### EXTRACTED ENTRIES

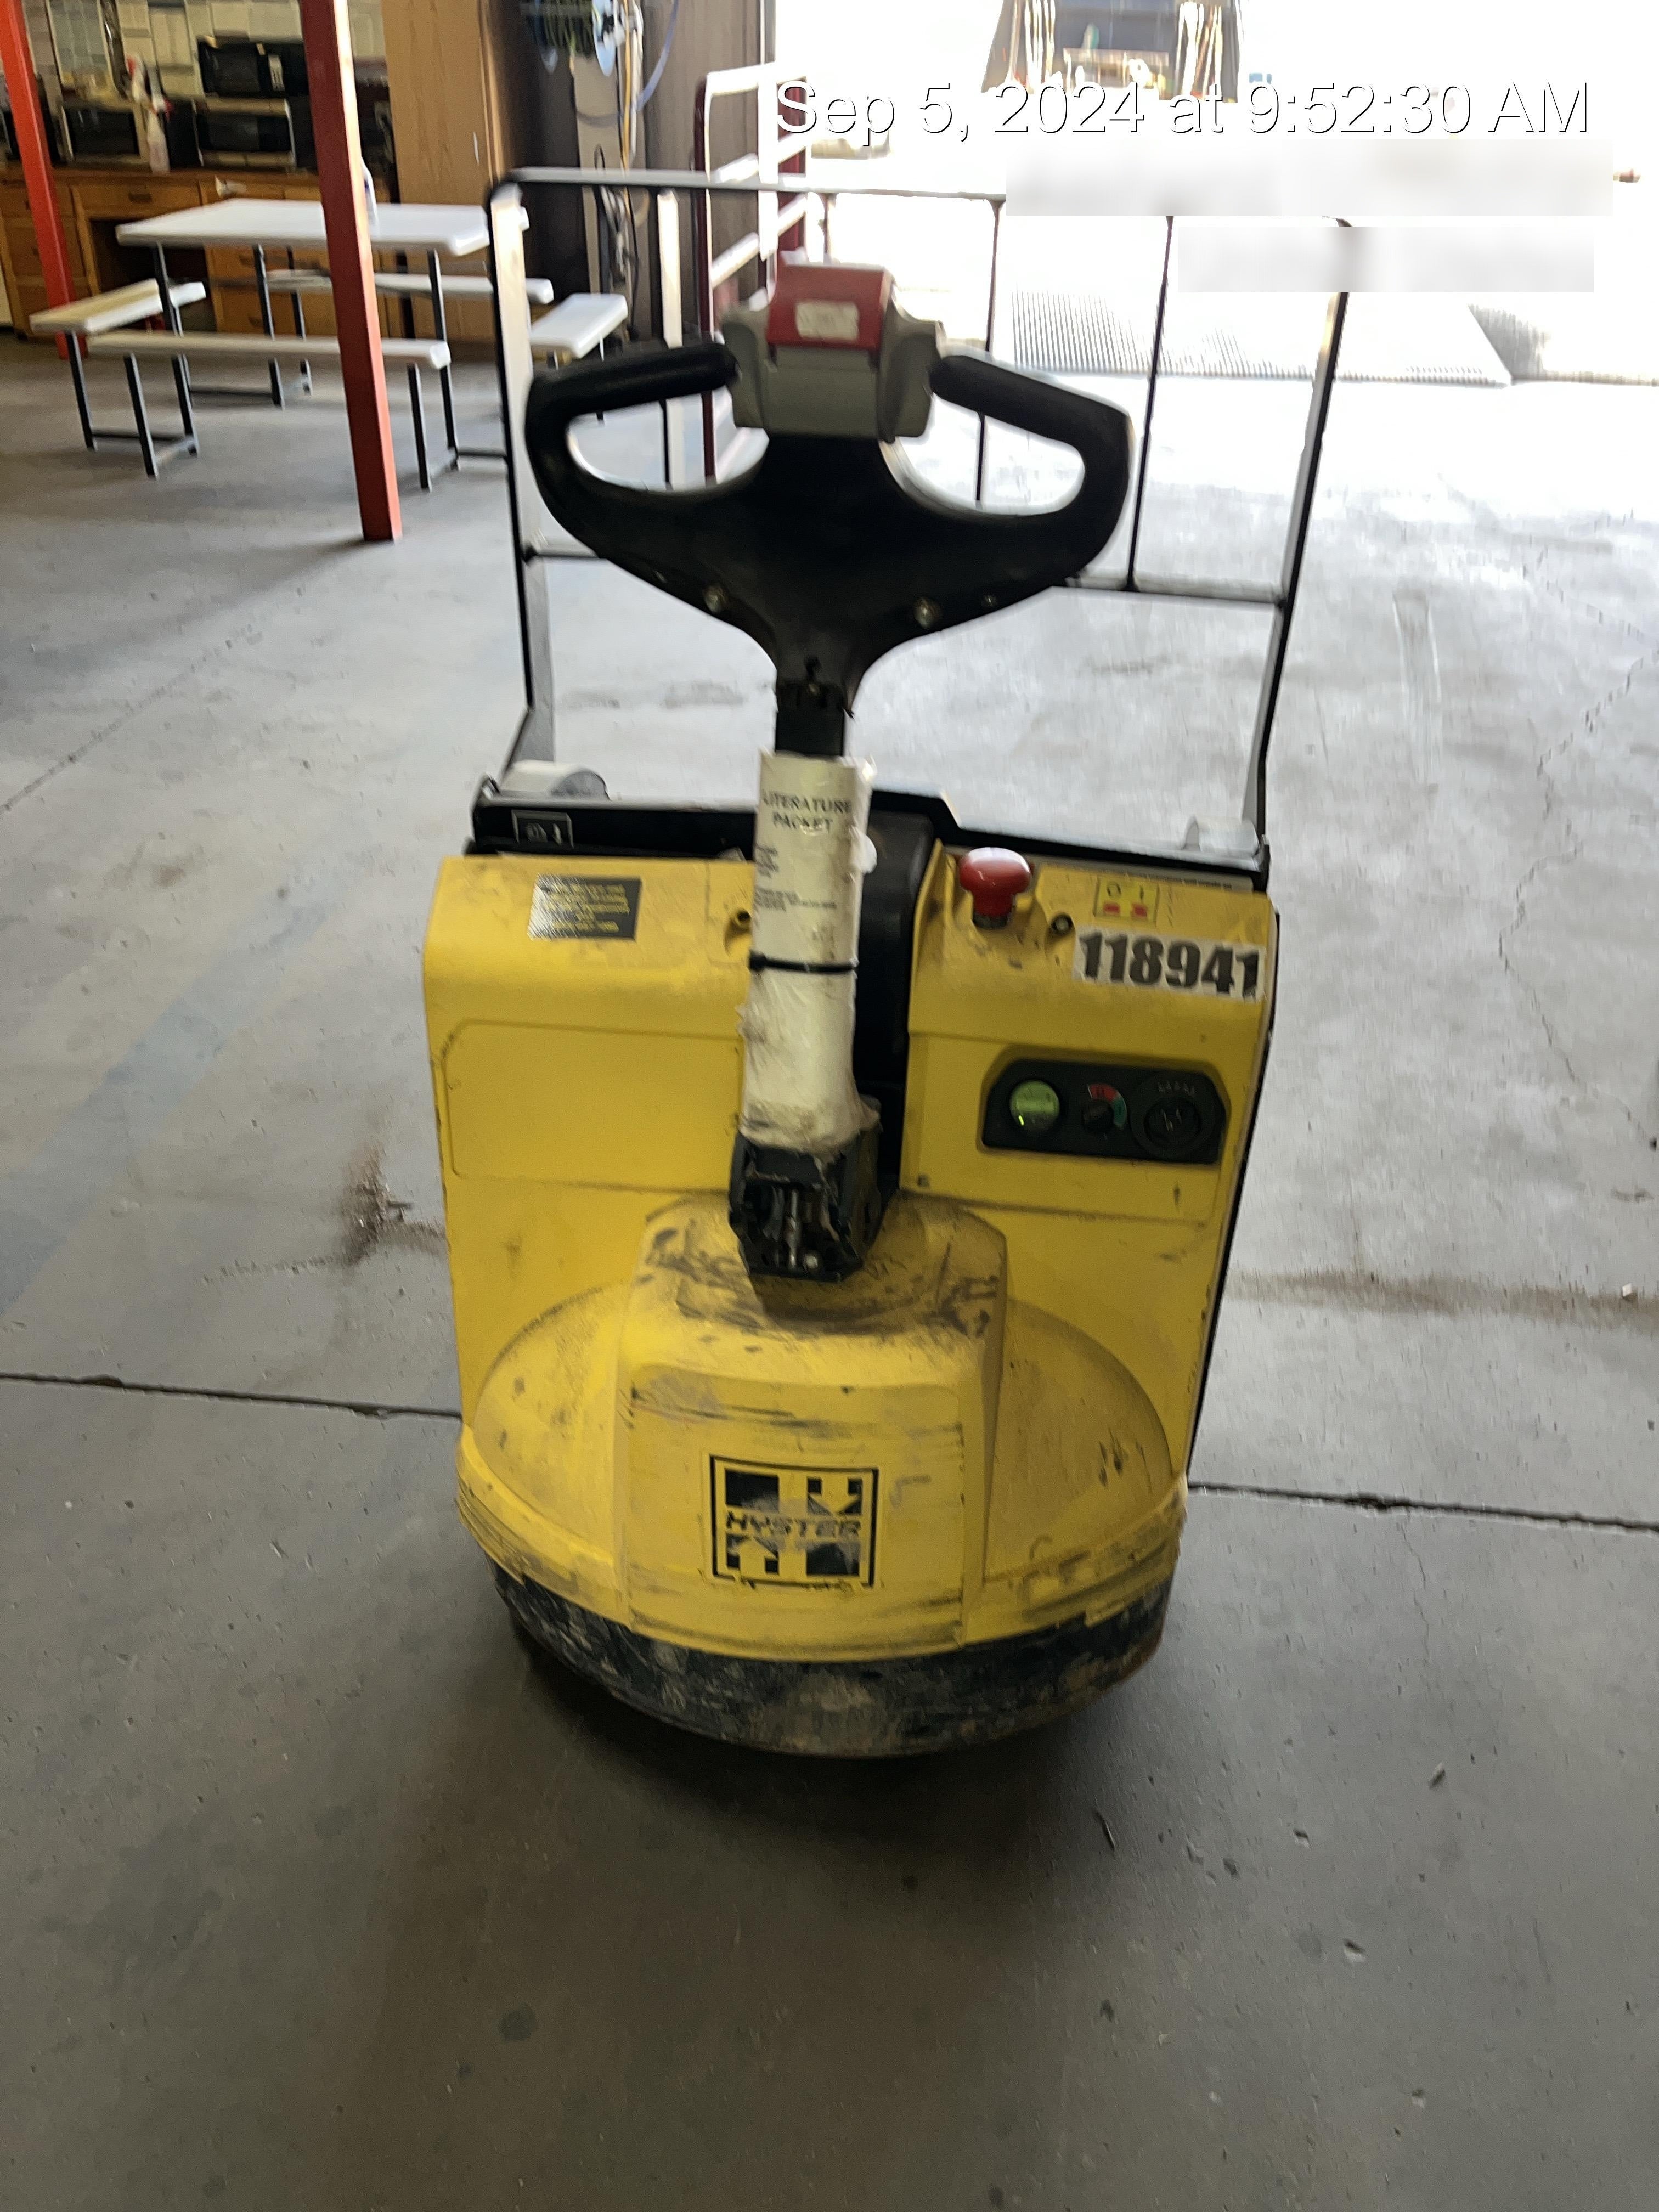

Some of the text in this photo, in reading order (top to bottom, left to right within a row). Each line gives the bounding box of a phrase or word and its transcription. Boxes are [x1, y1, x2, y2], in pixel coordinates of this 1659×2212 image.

[762, 789, 852, 813] LITERATURE
[772, 811, 833, 833] PACKET
[1079, 931, 1260, 999] 118941
[726, 1511, 861, 1538] HYSTER

######

| TASK OBJECTIVE |
Could the entries above be restated word for word, with the pictures left out?

| TASK RESULT |
Some of the text in this photo, in reading order (top to bottom, left to right within a row). Each line gives the bounding box of a phrase or word and its transcription. Boxes are [x1, y1, x2, y2], in pixel coordinates of this 1659×2212 image.

[762, 789, 852, 813] LITERATURE
[772, 811, 833, 833] PACKET
[1079, 931, 1260, 999] 118941
[726, 1511, 861, 1538] HYSTER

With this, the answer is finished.